The 500-year flood came from nearly ten inches of rain and snowmelt in 24 hours. It was humanity at nature’s mercy as highways crumbled, buildings sunk and people evacuated. During the peak of the park’s wash away, panic ruled then the water dropped and worry set in. Worry for most everyone but Jeff Dillon.
“There’s a lot of clean up and a lot hand wringing over the impacts to fish,” says Dillon, a fisheries biologist for 32 years at Idaho Department of Fish and Game. “But fish are resilient. Fish make a lot of babies for a reason. From a biological perspective, they’re going to rebound.”
Lessons from the South Fork
Dillon says that with confidence, the kind of confidence earned with experience. He was an eastern Idaho fisheries biologist during the Snake River flood of 1997. He witnessed, and worked through, the torrential mess that soaked its way across the Snake River Plain nearly three decades ago with catastrophic chaos similar to Yellowstone in 2022.
Both floods happened in June. Both floods flirted with epic volume, surging from well under 20,000 cubic feet per second (cfs) to nearly 50,000 cfs. But unlike undammed Yellowstone, there are dams in eastern Idaho that helped hold back some of the flow. Not much, but some.
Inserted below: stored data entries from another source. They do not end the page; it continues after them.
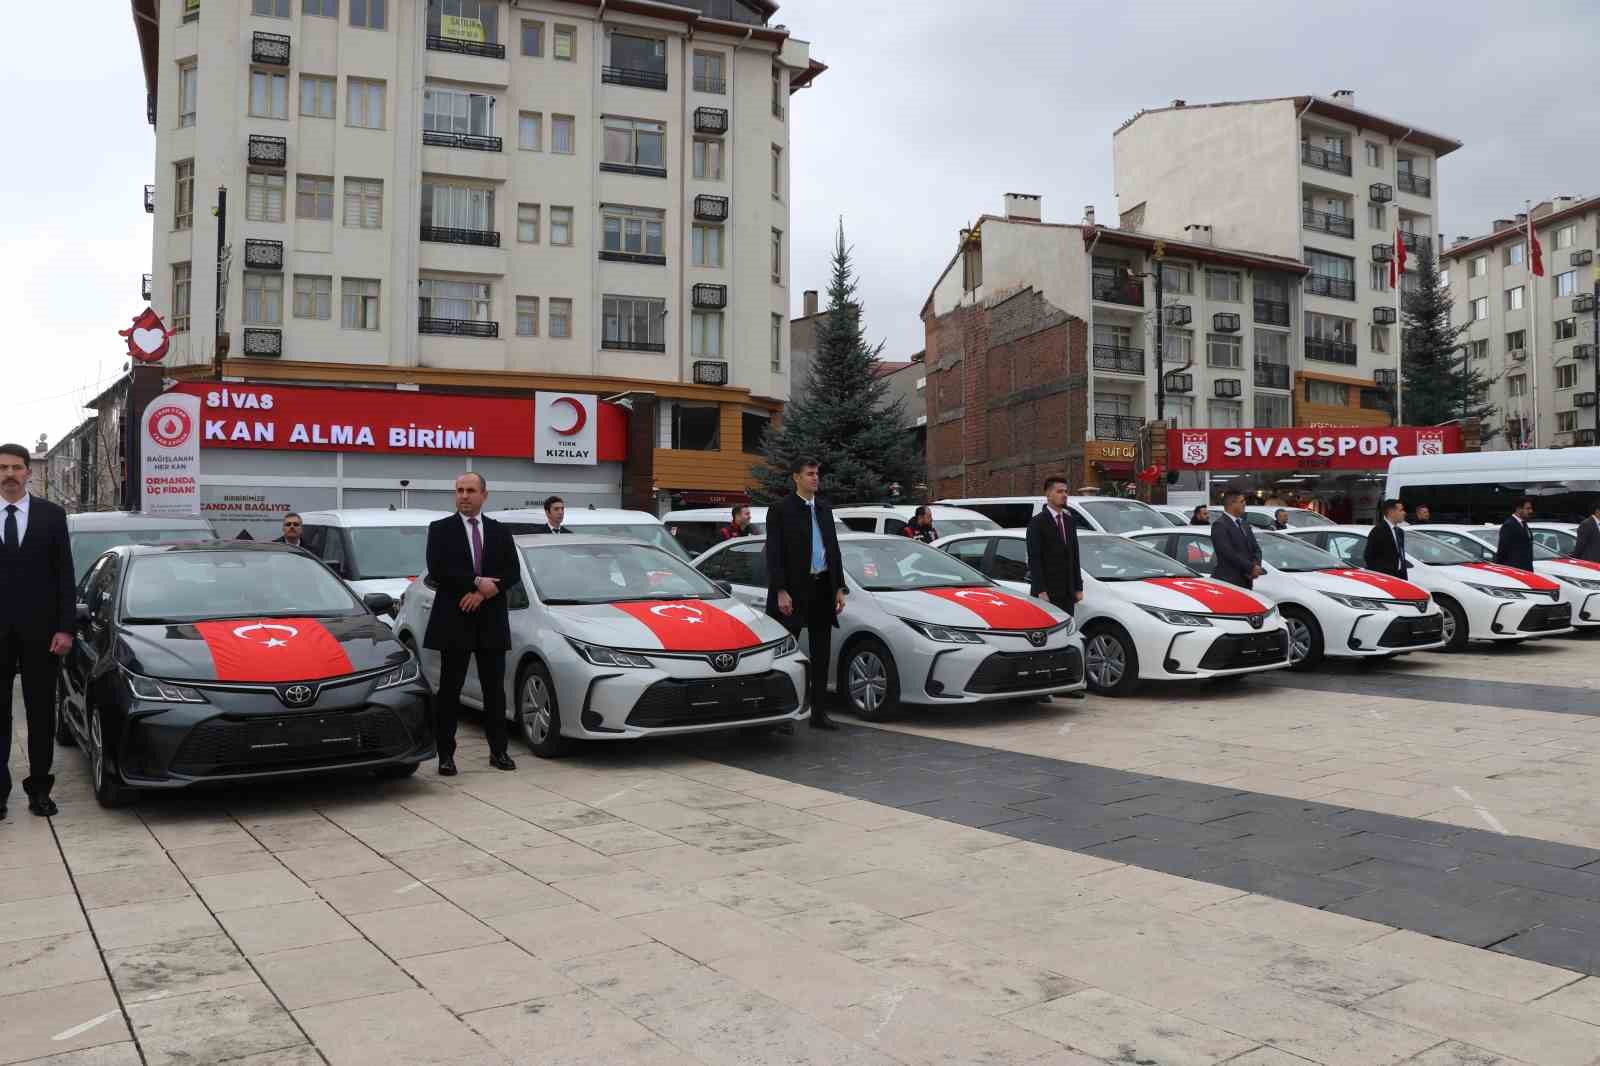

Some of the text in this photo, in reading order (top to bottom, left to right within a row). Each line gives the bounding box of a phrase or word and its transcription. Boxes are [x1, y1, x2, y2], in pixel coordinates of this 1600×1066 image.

[207, 389, 273, 409] SİVAS
[205, 420, 275, 442] KAN
[290, 424, 375, 446] ALMA
[388, 423, 475, 449] BİRİMİ
[1223, 431, 1399, 457] SİVASSPOR
[546, 449, 590, 458] KIZILAY
[146, 476, 195, 485] ORMANDA
Despite that, damage took a severe toll in both cases.
“When you look at the river as it’s taking roads and dragging trees, it looks awful,” Dillon says. “Problem is people build too close when it’s controlled and then it turns uncontrolled so when the flows subside it looks stark. Trees tipped over. Side channels high and dry. The South Fork looked scarred. It looked like something bad had happened out there.”
And it had for us, but not necessarily for the wild. Fish were in the watershed long before us, and long before dams. Fish evolved with flooding. Flooding is part of the planet’s natural cycle, a necessity in many cases for proper function.
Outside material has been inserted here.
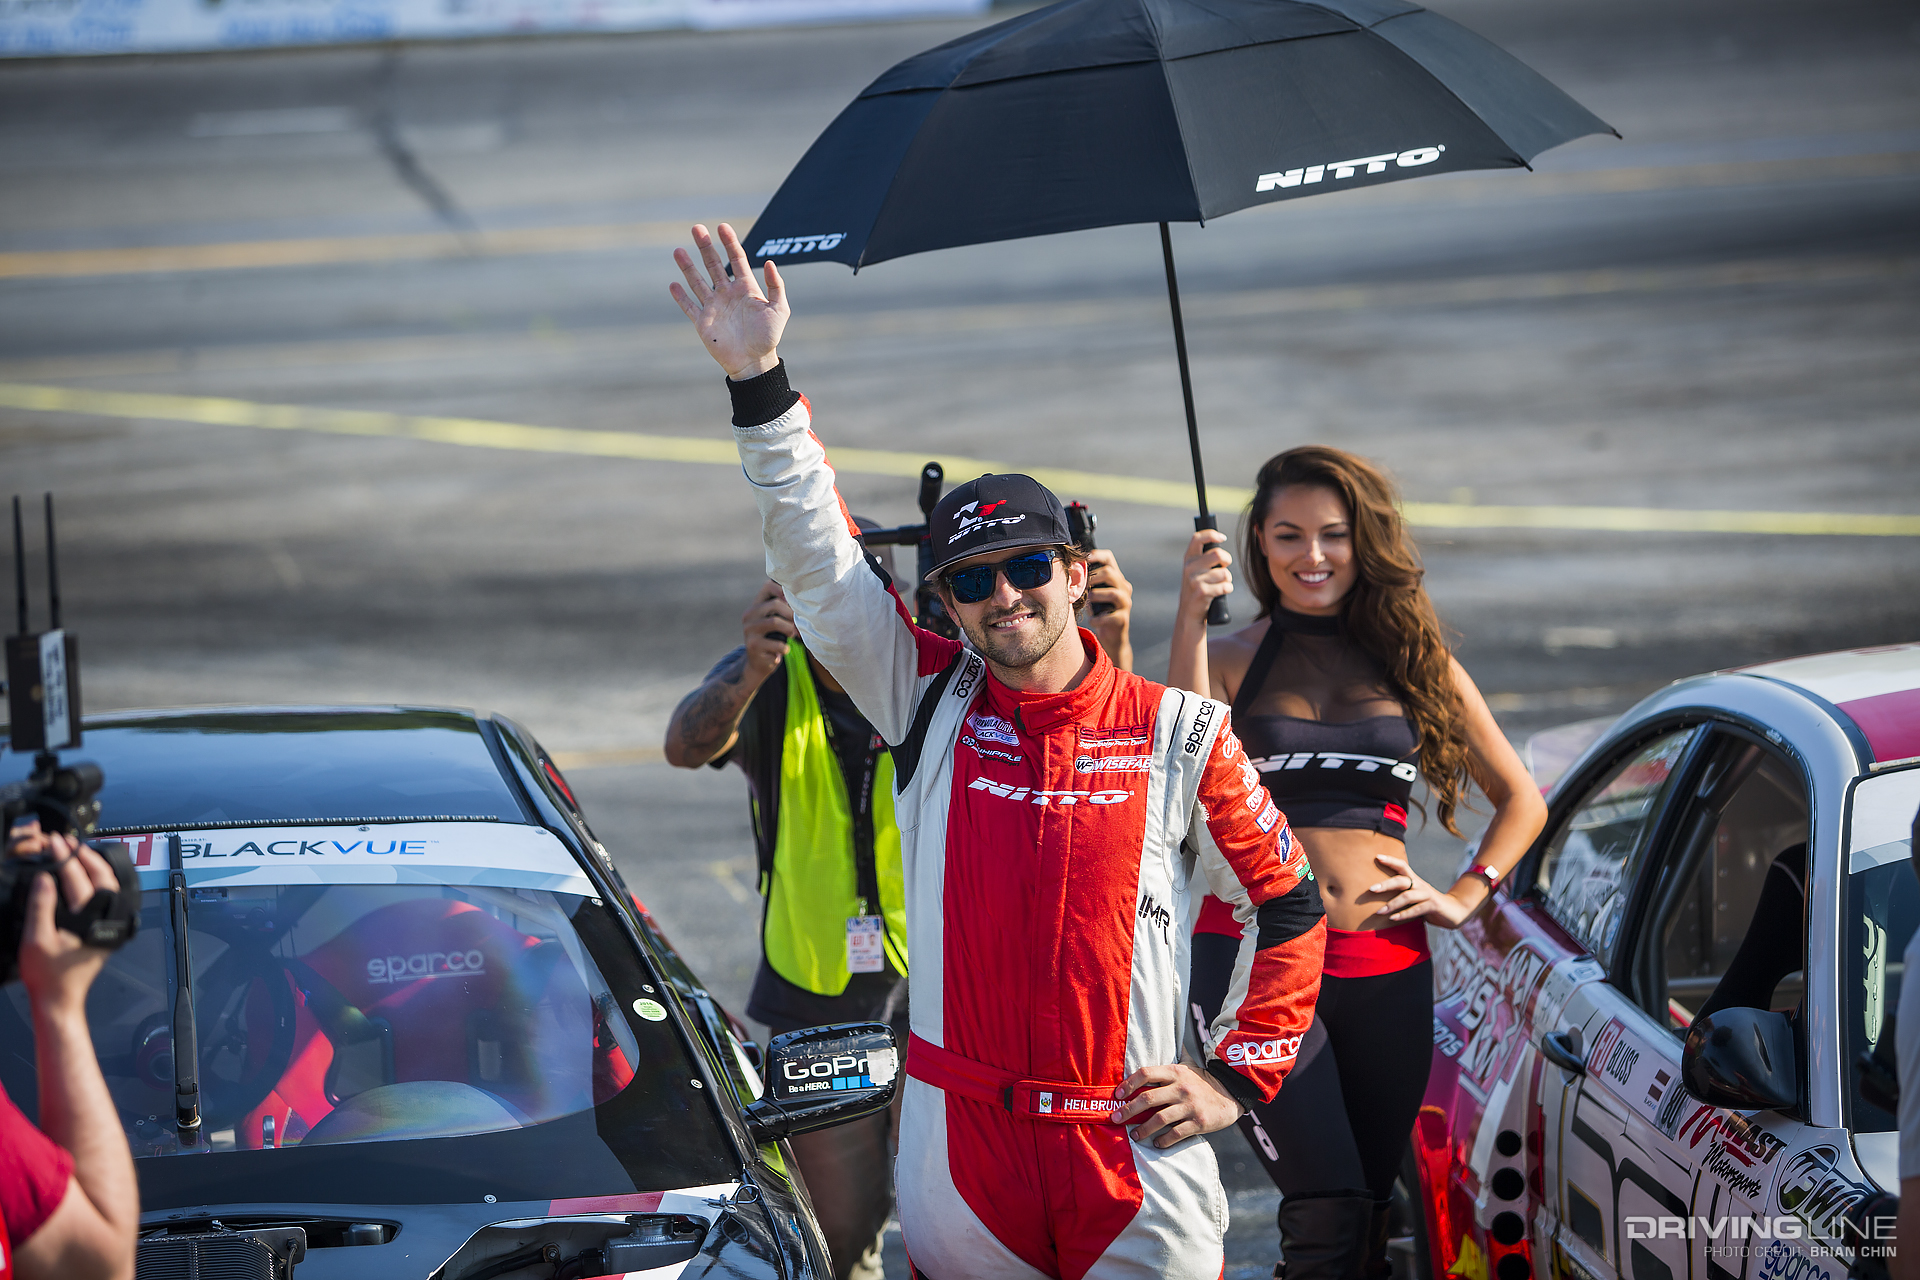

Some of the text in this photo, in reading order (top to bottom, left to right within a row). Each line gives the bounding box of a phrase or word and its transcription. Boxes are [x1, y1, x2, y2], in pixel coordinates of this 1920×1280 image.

Floods sort gravel, sift sediment, shift islands and sprout seeds, especially cottonwood trees on the South Fork of the Snake River. When that cycle spins into drowning, we might not know what to do, but the fish do and Dillon has proof.
He had trackable tags in several dozen South Fork fish in 1997. It was the department’s first attempt to study the impact of non-native rainbow trout on native cutthroat trout. He suspected rainbows were cutting in on the cutthroats.
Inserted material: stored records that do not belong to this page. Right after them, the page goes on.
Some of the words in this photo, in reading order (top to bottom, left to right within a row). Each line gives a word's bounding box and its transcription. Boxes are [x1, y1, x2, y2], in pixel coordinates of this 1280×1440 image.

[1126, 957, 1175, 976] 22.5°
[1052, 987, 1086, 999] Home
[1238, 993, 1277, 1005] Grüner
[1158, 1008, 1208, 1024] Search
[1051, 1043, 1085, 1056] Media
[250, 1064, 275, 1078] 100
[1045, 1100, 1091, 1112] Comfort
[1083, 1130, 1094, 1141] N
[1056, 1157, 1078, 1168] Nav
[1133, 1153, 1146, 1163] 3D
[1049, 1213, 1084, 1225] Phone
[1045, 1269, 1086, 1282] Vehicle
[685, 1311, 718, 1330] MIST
Now we know they are, but back then the possibility was an unknown and it needed investigation. A team of researchers, including Dillon, were studying fish movement in 1997. They were looking for species overlap in spawning beds when the flood happened.
“It was quite fascinating to see those fish weather the storm,” he says. “They just find a spot to get out of the worst of it and hunker down. When the flood passes they get on with their business.”
“They maybe moved over to the shoreline, but mostly they were not inconvenienced by high flows,” he continues. “Water quality goes down. It’s turbid and trees and other stuff are floating down the river, but the fish just moved a bit to the side and they were fat and happy. They were not displaced. When it came time to make spawning runs they made them.”
Healthy, Chunky Fish
One of the oldest sites surveyed in the state for annual fish population counts is the South Fork of the Snake. The fall survey of 1997 showed no noticeable difference in number of fish. And even though bugs (fish food) did experience substantial losses short term, the fish surveyed that year didn’t look hungry. They looked healthy.
The same is holding true in Yellowstone one year after the park’s 500-year flood.
“Some of your favorite fishing spots are gone or look different than they did before,” says Todd Koel, Yellowstone National Park native fish conservation program leader. “And fish densities were down after the flood, but the condition of the cutthroats was amazing. They’re healthy, chunky fish.”
There are new log jams and gravel beds in the park. New roads and bridges too. The former helps the wild. The latter helps us. Nature, in all its horrific magnificence, intrigues us. Shocks us and scares us too, but most of all it humbles us. Yellowstone sustained a major rearrangement in 2022, just like the South Fork did in 1997, but both still exist much to our collective relief.